**Records for the task**

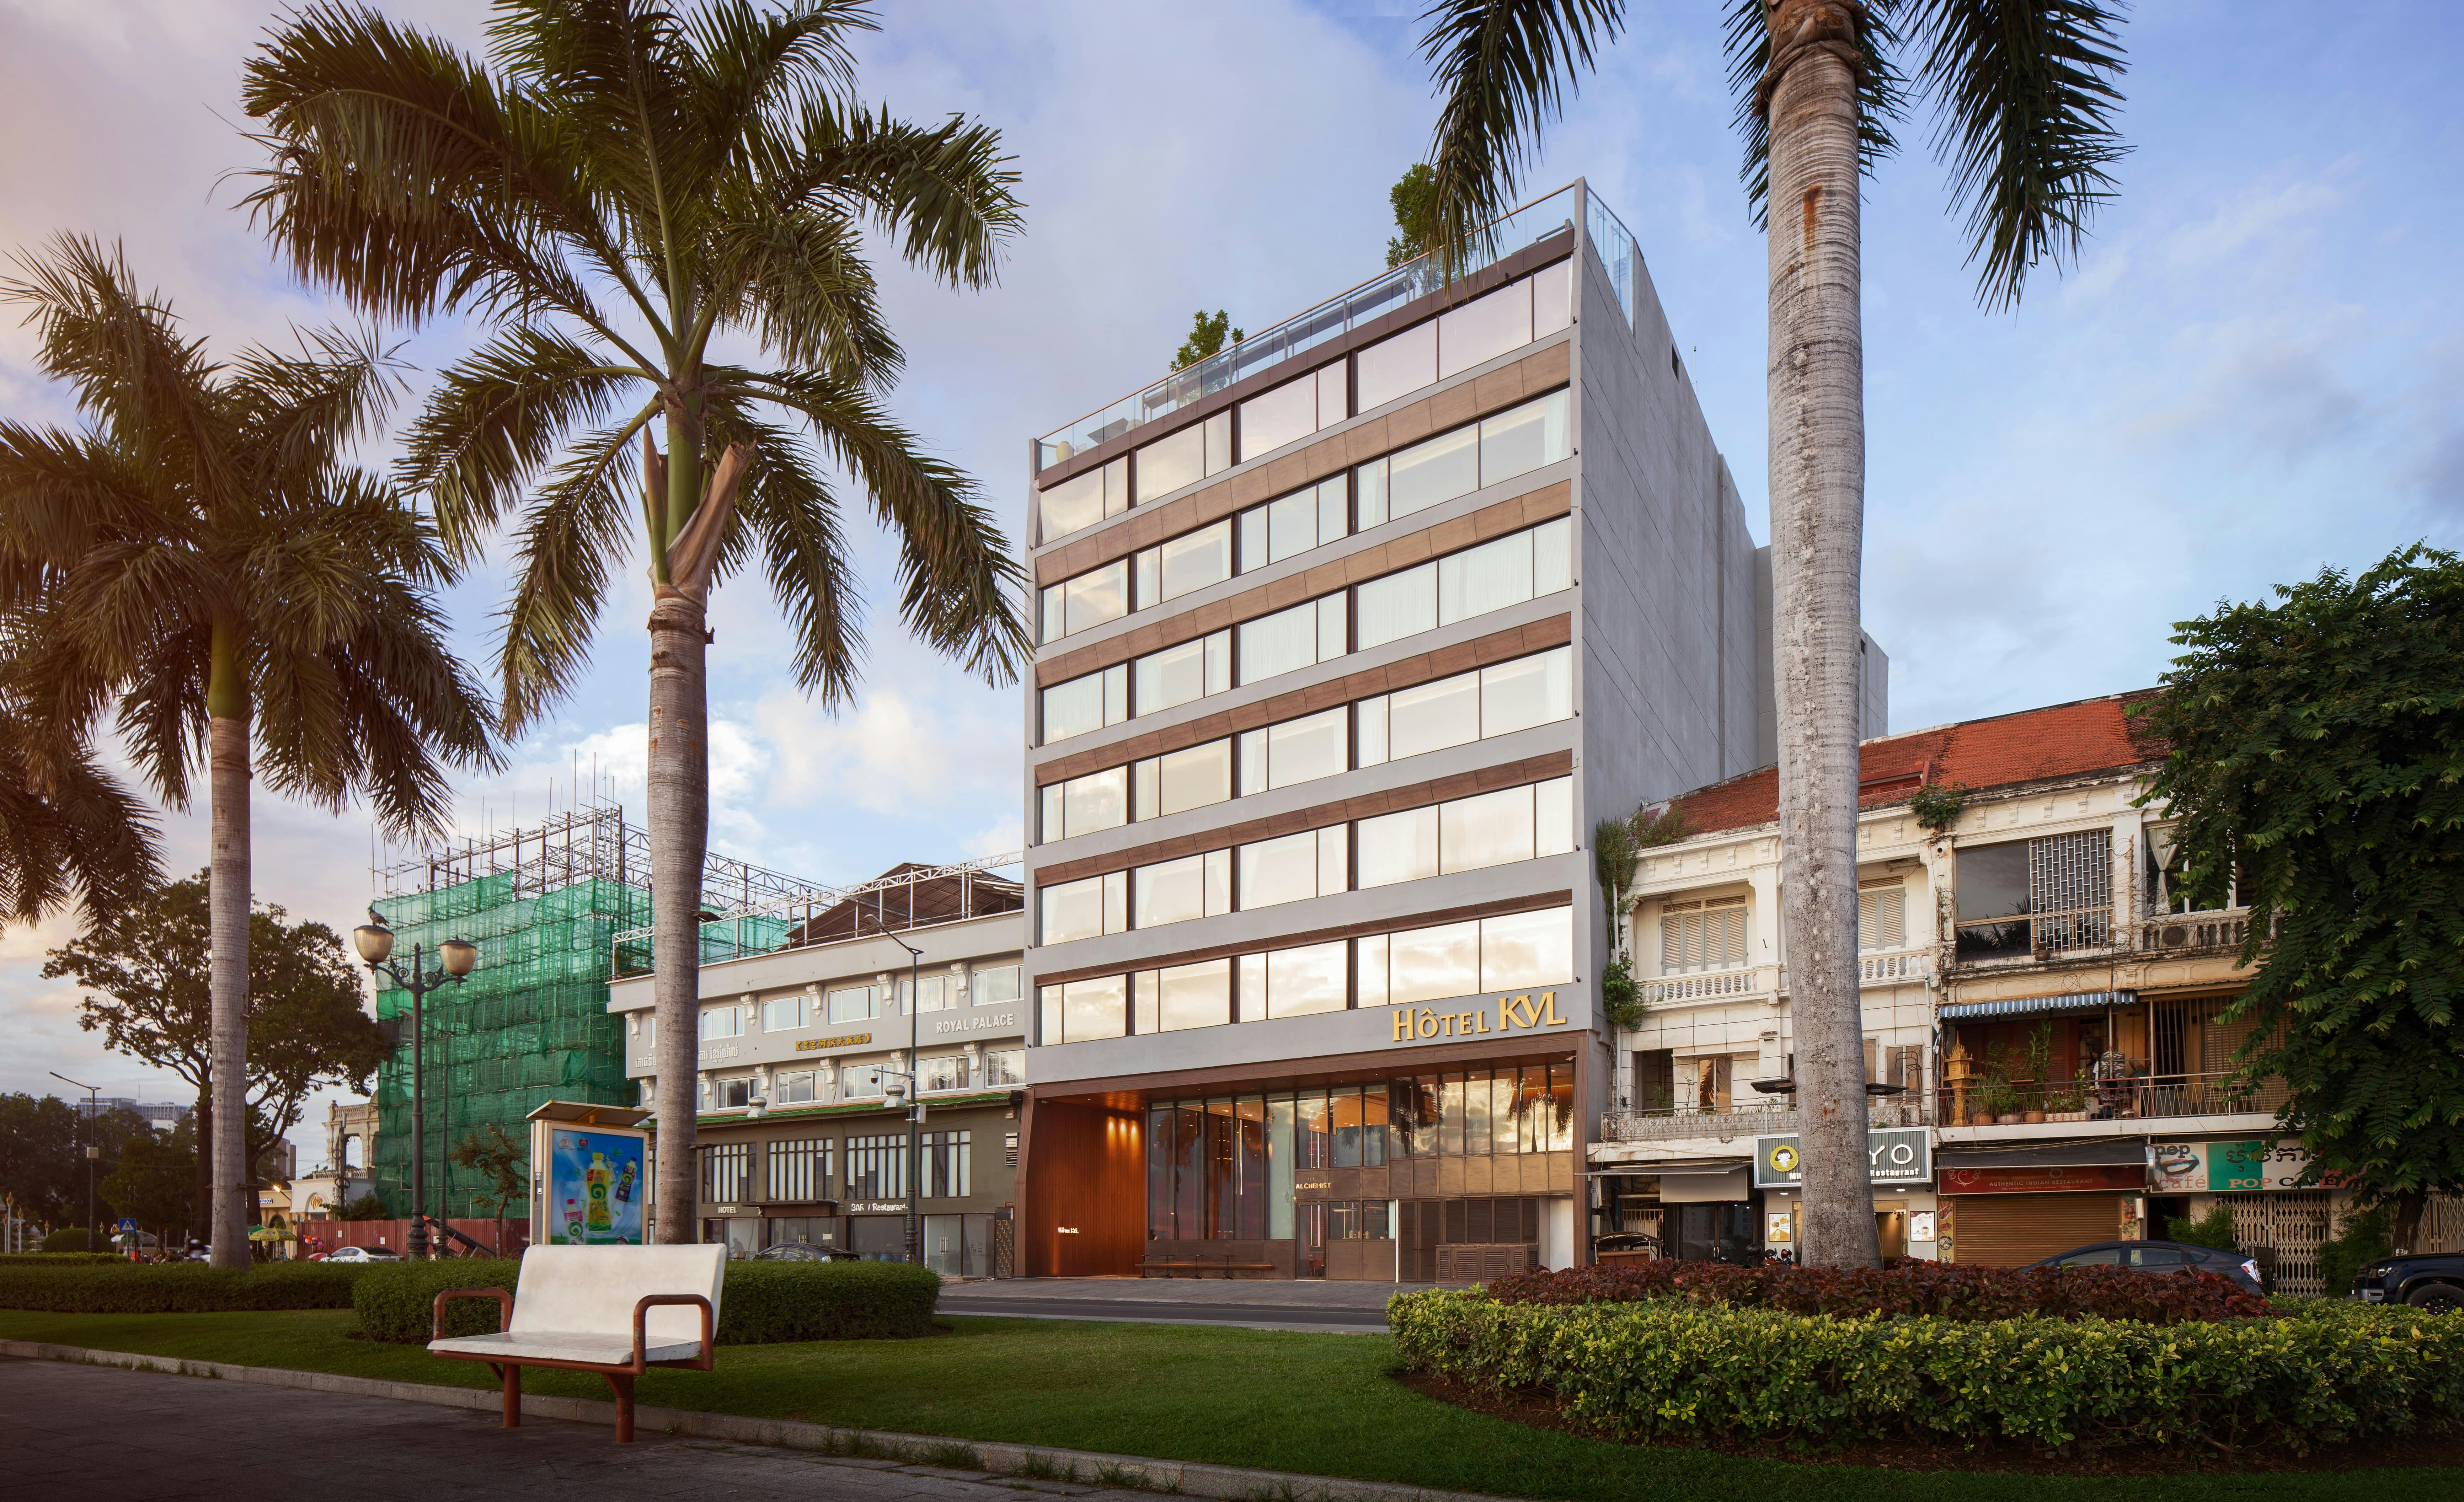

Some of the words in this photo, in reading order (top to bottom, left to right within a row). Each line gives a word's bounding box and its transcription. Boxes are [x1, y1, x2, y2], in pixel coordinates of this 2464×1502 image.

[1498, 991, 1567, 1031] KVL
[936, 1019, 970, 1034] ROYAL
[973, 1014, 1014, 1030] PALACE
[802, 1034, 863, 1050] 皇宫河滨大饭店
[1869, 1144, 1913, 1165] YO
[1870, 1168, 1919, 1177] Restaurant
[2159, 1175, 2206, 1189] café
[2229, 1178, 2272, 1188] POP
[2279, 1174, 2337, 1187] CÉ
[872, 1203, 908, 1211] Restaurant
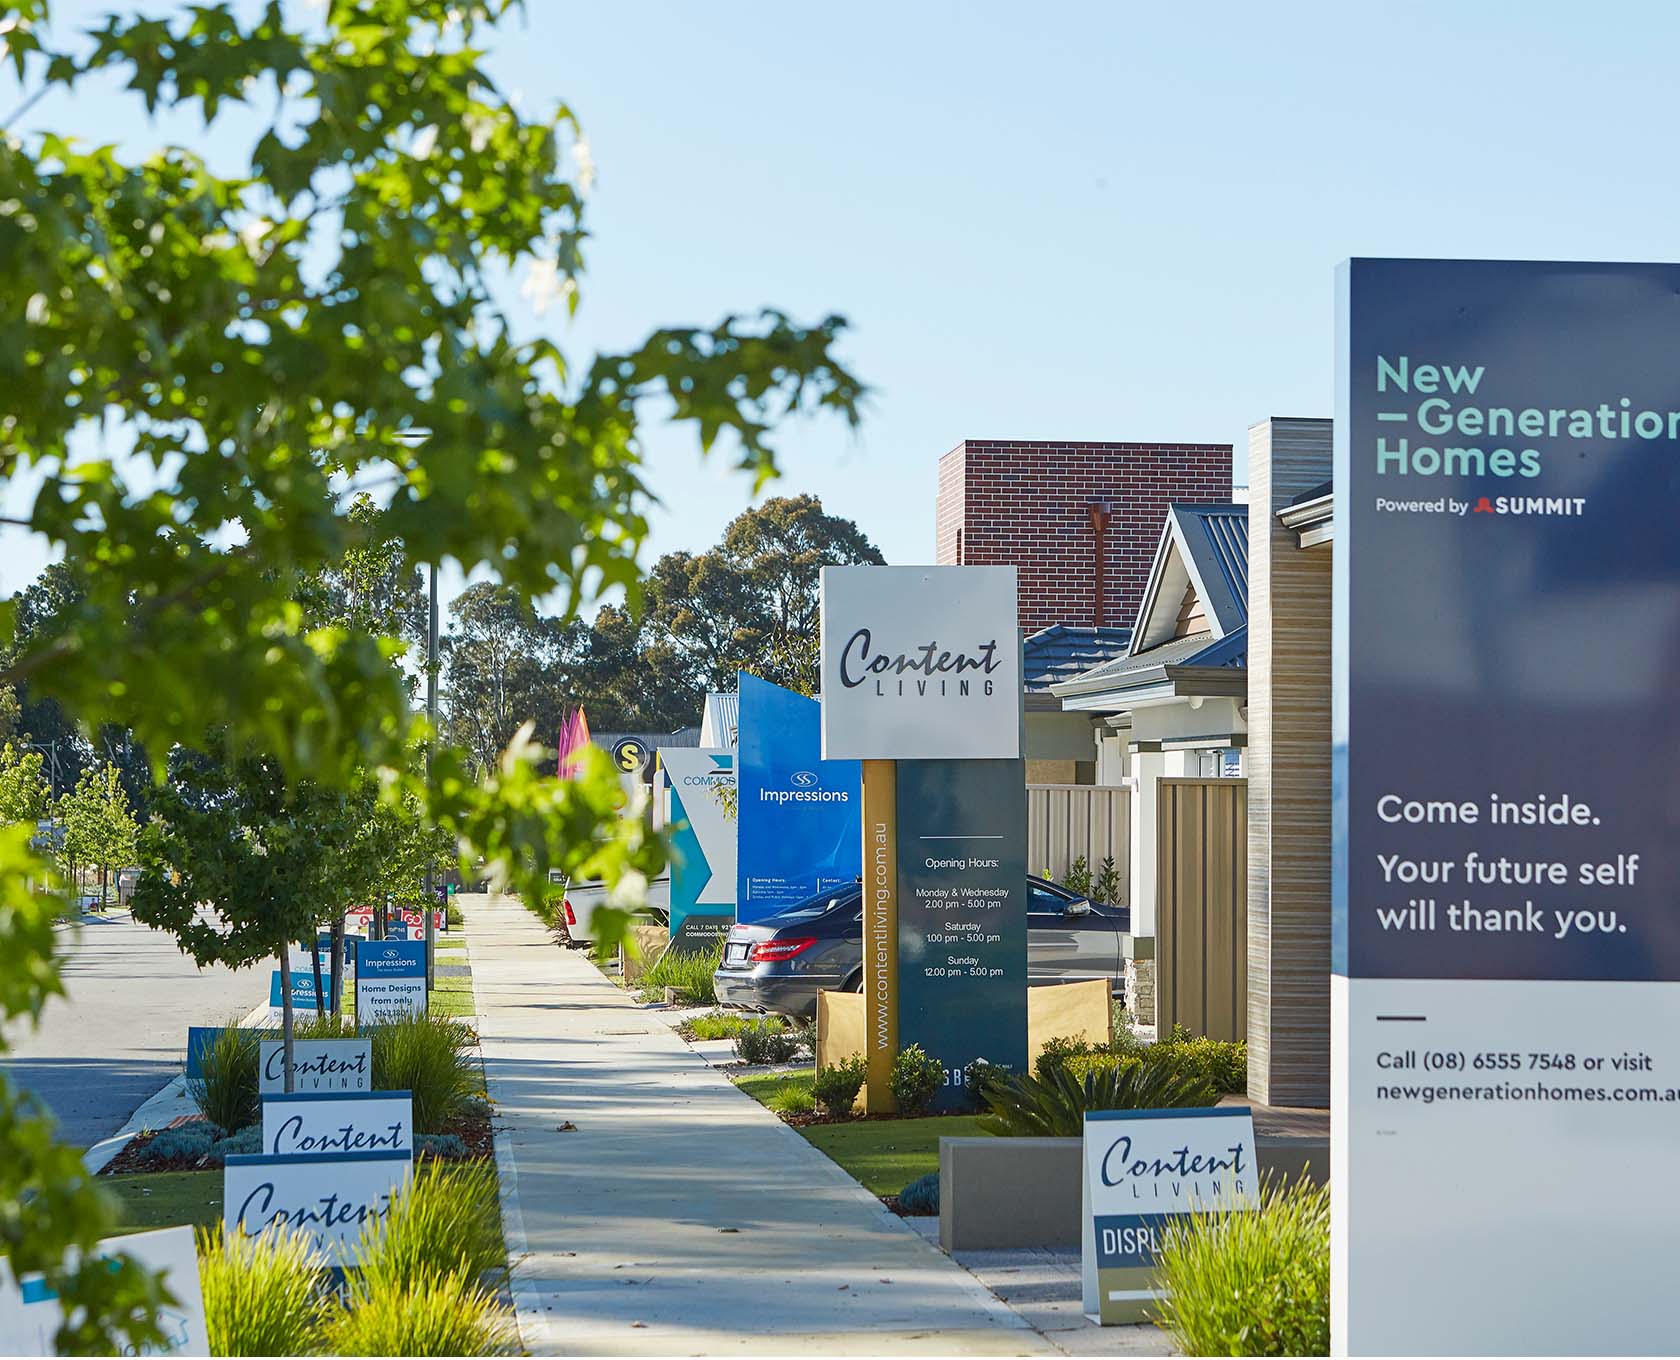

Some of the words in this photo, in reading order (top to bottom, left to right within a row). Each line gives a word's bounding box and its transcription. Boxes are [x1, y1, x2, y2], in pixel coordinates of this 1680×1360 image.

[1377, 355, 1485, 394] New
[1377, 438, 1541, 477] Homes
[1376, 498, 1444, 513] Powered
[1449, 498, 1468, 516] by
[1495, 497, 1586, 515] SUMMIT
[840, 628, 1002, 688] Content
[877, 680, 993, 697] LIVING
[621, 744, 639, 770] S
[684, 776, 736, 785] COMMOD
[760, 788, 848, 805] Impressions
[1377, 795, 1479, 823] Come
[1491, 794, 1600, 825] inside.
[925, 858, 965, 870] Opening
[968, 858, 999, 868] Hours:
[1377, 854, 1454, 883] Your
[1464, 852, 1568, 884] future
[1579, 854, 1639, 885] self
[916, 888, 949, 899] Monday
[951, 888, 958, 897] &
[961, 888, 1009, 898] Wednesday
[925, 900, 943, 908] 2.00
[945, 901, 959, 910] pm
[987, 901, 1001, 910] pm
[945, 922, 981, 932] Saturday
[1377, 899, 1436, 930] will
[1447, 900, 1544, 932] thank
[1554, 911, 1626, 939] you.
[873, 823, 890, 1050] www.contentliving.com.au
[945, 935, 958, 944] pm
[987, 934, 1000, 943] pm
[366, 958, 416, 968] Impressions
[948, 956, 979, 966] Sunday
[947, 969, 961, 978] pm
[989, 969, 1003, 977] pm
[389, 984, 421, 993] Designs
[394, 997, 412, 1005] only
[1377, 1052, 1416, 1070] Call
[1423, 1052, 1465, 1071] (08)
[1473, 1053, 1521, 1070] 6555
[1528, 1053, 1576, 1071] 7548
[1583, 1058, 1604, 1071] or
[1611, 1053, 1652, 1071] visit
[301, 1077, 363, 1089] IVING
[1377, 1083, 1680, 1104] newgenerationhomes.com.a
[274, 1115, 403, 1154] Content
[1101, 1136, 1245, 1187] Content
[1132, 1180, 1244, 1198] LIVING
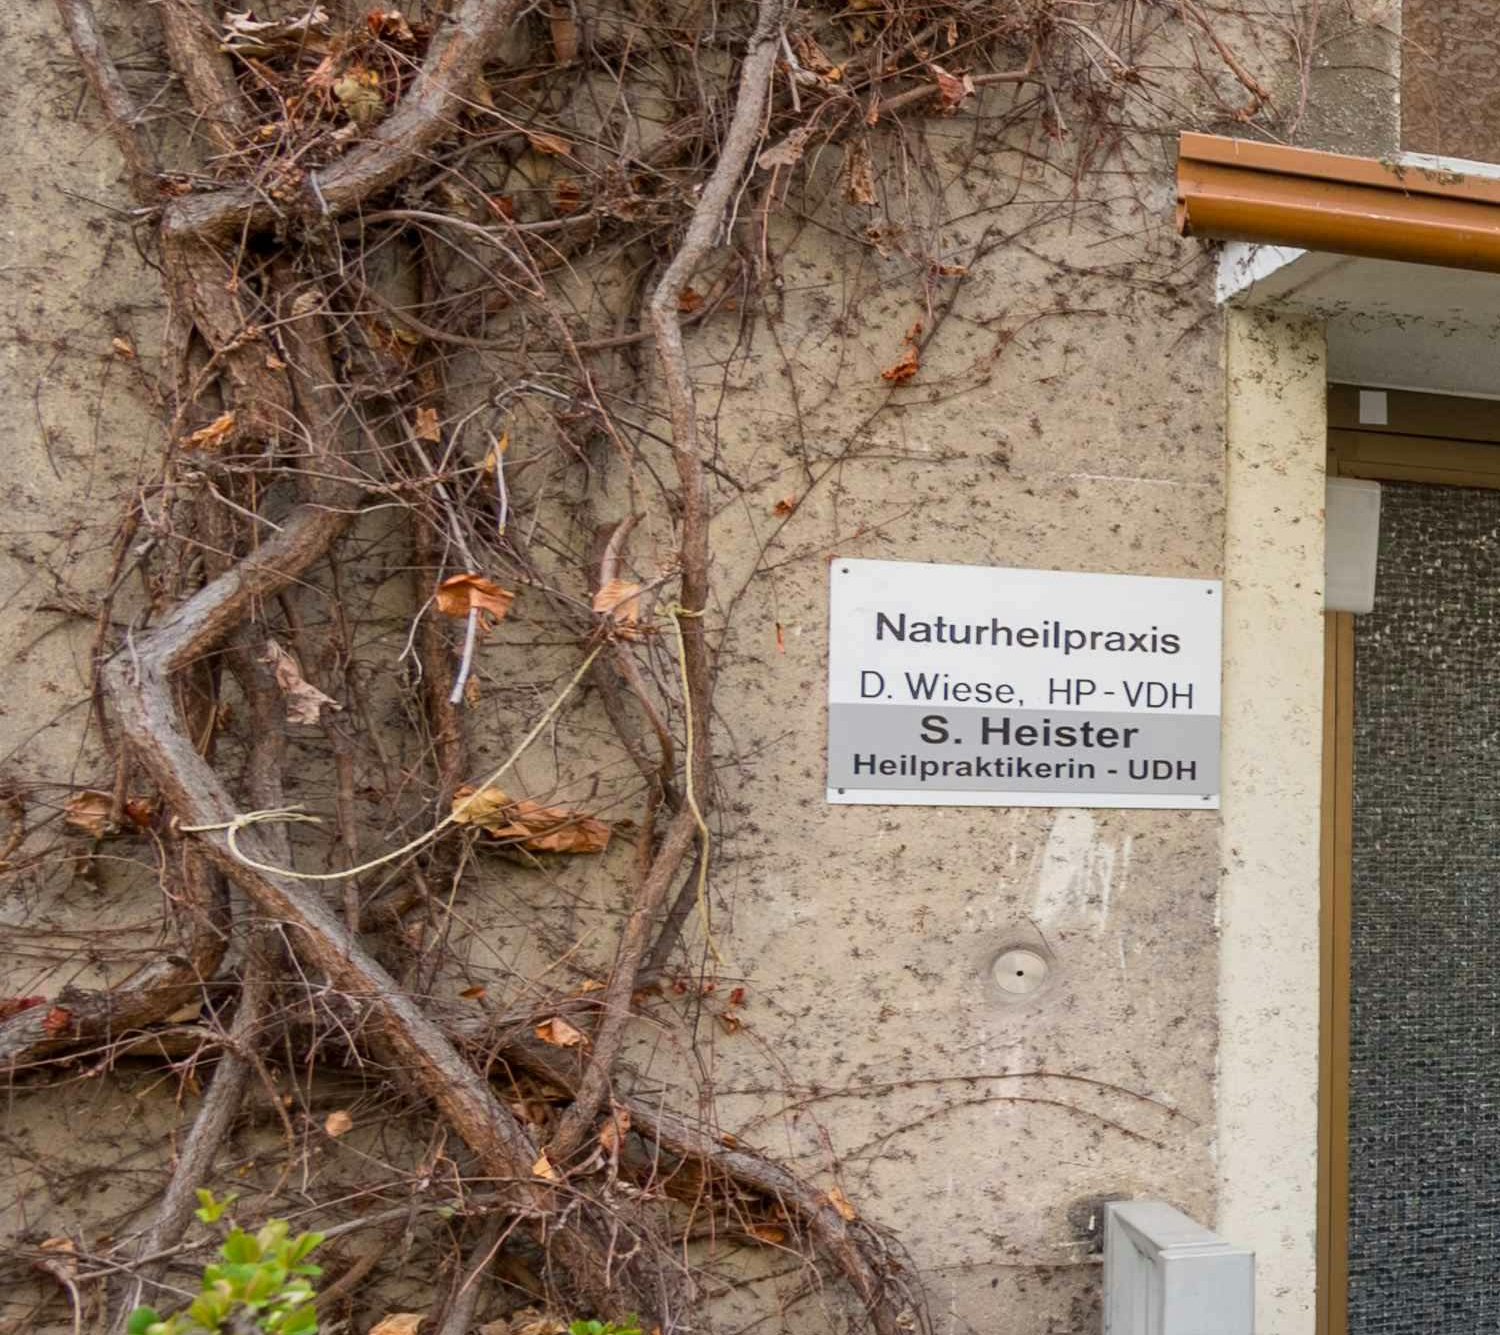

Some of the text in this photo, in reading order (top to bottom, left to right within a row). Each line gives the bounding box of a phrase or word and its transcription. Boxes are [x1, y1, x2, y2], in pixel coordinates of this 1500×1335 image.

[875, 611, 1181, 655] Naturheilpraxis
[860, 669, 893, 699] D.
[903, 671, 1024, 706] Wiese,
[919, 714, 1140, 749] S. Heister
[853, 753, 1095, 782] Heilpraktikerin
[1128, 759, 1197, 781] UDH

**Description of the task**
Transcribe all of the material exactly and leave out its pictures.

**The answer**
Some of the words in this photo, in reading order (top to bottom, left to right within a row). Each line gives a word's bounding box and its transcription. Boxes are [x1, y1, x2, y2], in pixel coordinates of this 2464×1502 image.

[1498, 991, 1567, 1031] KVL
[936, 1019, 970, 1034] ROYAL
[973, 1014, 1014, 1030] PALACE
[802, 1034, 863, 1050] 皇宫河滨大饭店
[1869, 1144, 1913, 1165] YO
[1870, 1168, 1919, 1177] Restaurant
[2159, 1175, 2206, 1189] café
[2229, 1178, 2272, 1188] POP
[2279, 1174, 2337, 1187] CÉ
[872, 1203, 908, 1211] Restaurant

Some of the words in this photo, in reading order (top to bottom, left to right within a row). Each line gives a word's bounding box and its transcription. Boxes are [x1, y1, x2, y2], in pixel coordinates of this 1680×1360 image.

[1377, 355, 1485, 394] New
[1377, 438, 1541, 477] Homes
[1376, 498, 1444, 513] Powered
[1449, 498, 1468, 516] by
[1495, 497, 1586, 515] SUMMIT
[840, 628, 1002, 688] Content
[877, 680, 993, 697] LIVING
[621, 744, 639, 770] S
[684, 776, 736, 785] COMMOD
[760, 788, 848, 805] Impressions
[1377, 795, 1479, 823] Come
[1491, 794, 1600, 825] inside.
[925, 858, 965, 870] Opening
[968, 858, 999, 868] Hours:
[1377, 854, 1454, 883] Your
[1464, 852, 1568, 884] future
[1579, 854, 1639, 885] self
[916, 888, 949, 899] Monday
[951, 888, 958, 897] &
[961, 888, 1009, 898] Wednesday
[925, 900, 943, 908] 2.00
[945, 901, 959, 910] pm
[987, 901, 1001, 910] pm
[945, 922, 981, 932] Saturday
[1377, 899, 1436, 930] will
[1447, 900, 1544, 932] thank
[1554, 911, 1626, 939] you.
[873, 823, 890, 1050] www.contentliving.com.au
[945, 935, 958, 944] pm
[987, 934, 1000, 943] pm
[366, 958, 416, 968] Impressions
[948, 956, 979, 966] Sunday
[947, 969, 961, 978] pm
[989, 969, 1003, 977] pm
[389, 984, 421, 993] Designs
[394, 997, 412, 1005] only
[1377, 1052, 1416, 1070] Call
[1423, 1052, 1465, 1071] (08)
[1473, 1053, 1521, 1070] 6555
[1528, 1053, 1576, 1071] 7548
[1583, 1058, 1604, 1071] or
[1611, 1053, 1652, 1071] visit
[301, 1077, 363, 1089] IVING
[1377, 1083, 1680, 1104] newgenerationhomes.com.a
[274, 1115, 403, 1154] Content
[1101, 1136, 1245, 1187] Content
[1132, 1180, 1244, 1198] LIVING

Some of the text in this photo, in reading order (top to bottom, left to right within a row). Each line gives the bounding box of a phrase or word and its transcription. Boxes are [x1, y1, x2, y2], in pixel coordinates of this 1500×1335 image.

[875, 611, 1181, 655] Naturheilpraxis
[860, 669, 893, 699] D.
[903, 671, 1024, 706] Wiese,
[919, 714, 1140, 749] S. Heister
[853, 753, 1095, 782] Heilpraktikerin
[1128, 759, 1197, 781] UDH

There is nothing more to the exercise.